Secondary cell wall-associated gene expression in lower stems of myb75-1 plants. A, qRT-PCR analysis of the expression of lignin biosynthetic genes in lower inflorescence stems of MYB75 overexpresser [MYB75(o/x)] and loss-of-function mutants (myb75-1) compared with the wild type (WT). The expression levels of most of the genes in the lignin pathway were examined. 4CL1, 4-Coumarate-CoA ligase 1; HCT, hydroxycinnamoyl-CoA:shikimate/quinate hydroxycinnamoyltransferase; C3H1, p-coumarate 3-hydroxylase 1. B, qRT-PCR analysis of the expression of secondary wall biosynthetic genes in lower inflorescence stems of MYB75 overexpresser [MYB75(o/x)] and loss-of-function mutants (myb75-1) compared with the wild type.

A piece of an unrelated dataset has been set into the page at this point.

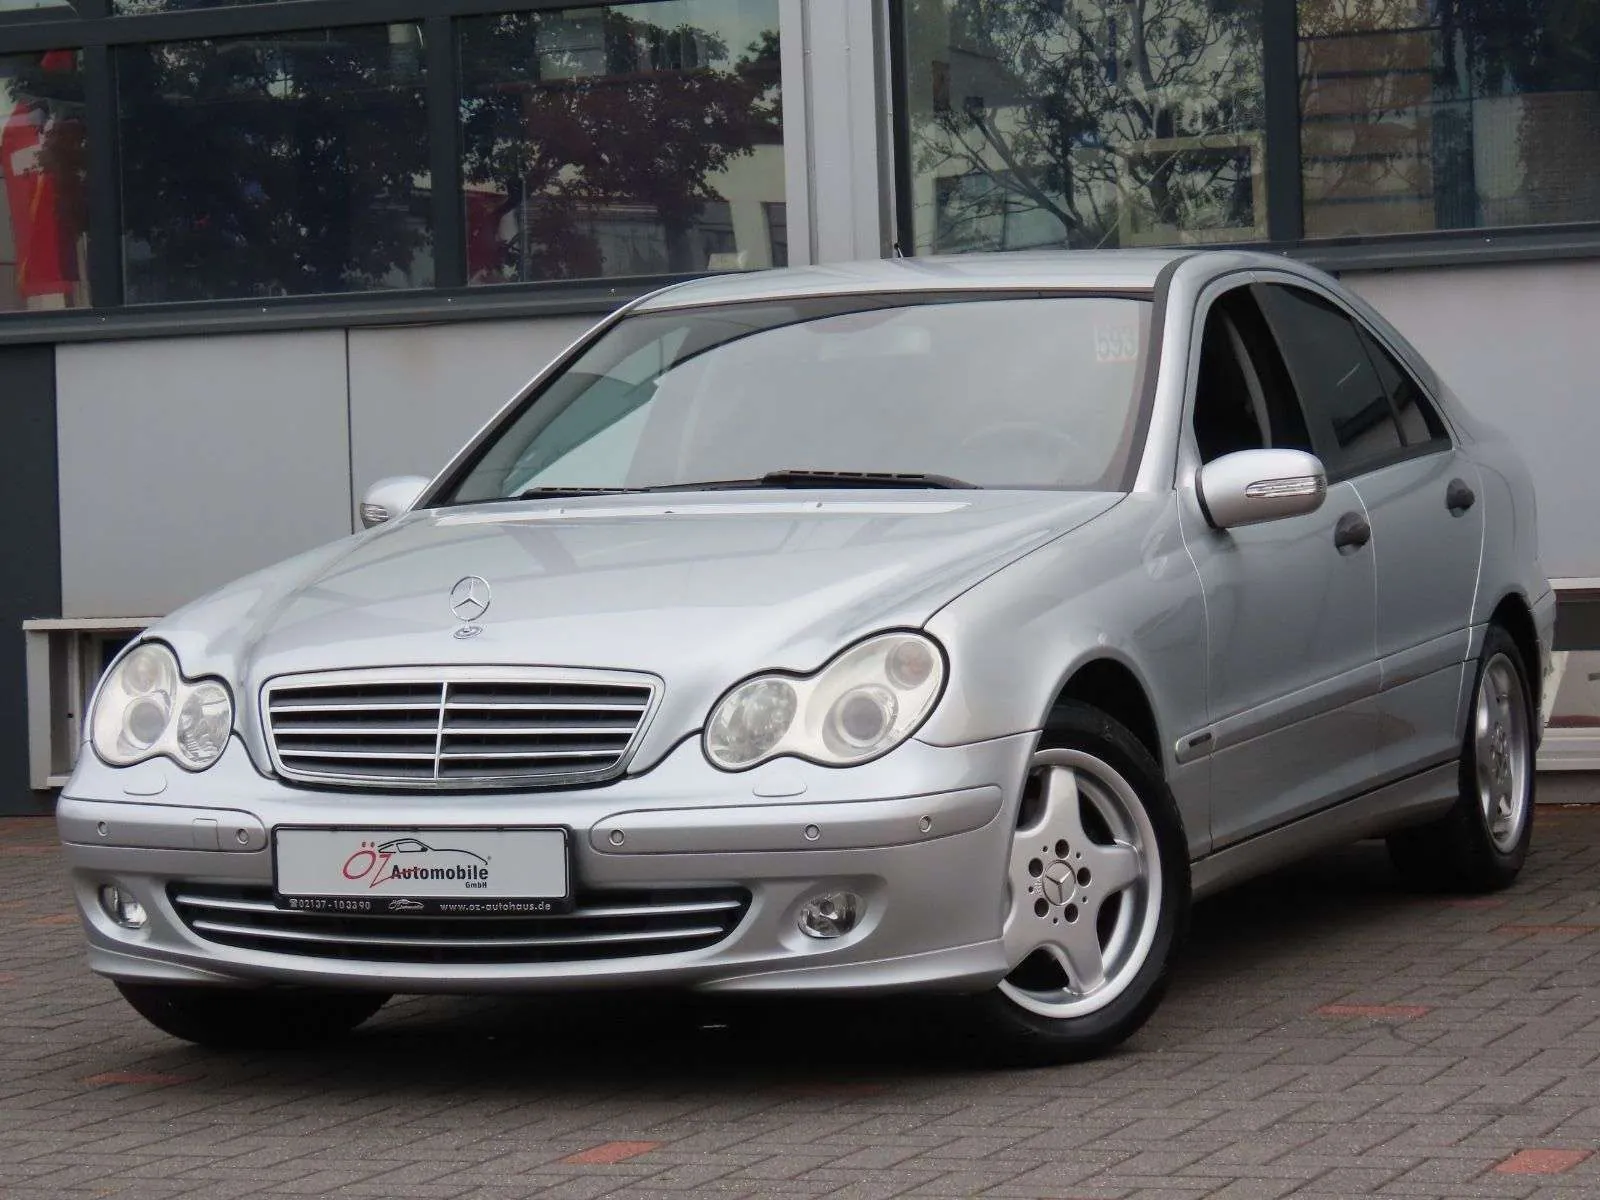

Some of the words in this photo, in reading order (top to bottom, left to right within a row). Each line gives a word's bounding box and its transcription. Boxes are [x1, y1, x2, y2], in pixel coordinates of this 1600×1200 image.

[391, 864, 489, 880] Automobile
[465, 881, 487, 889] GmbH
[440, 901, 551, 911] www.oz-autohaus.de

The expression levels of genes involved in the biosynthesis of cellulose in primary cell wall (CesA1, CesA3, and CesA6), cellulose in secondary cell wall (CesA4, CesA7, and CesA8), and xylan (FRA8, IRX8, and IRX9) were examined. Error bars represent se of three replicates.

Figure 5.

In vitro protein-protein interactions among potential secondary cell wall-associated transcription factors and MYB75 as determined by yeast two-hybrid assay. Known interactions (shown in dark-gray box; Zimmermann et al., 2004) were used as a positive control, and empty vectors were cotransformed to be used as a negative control.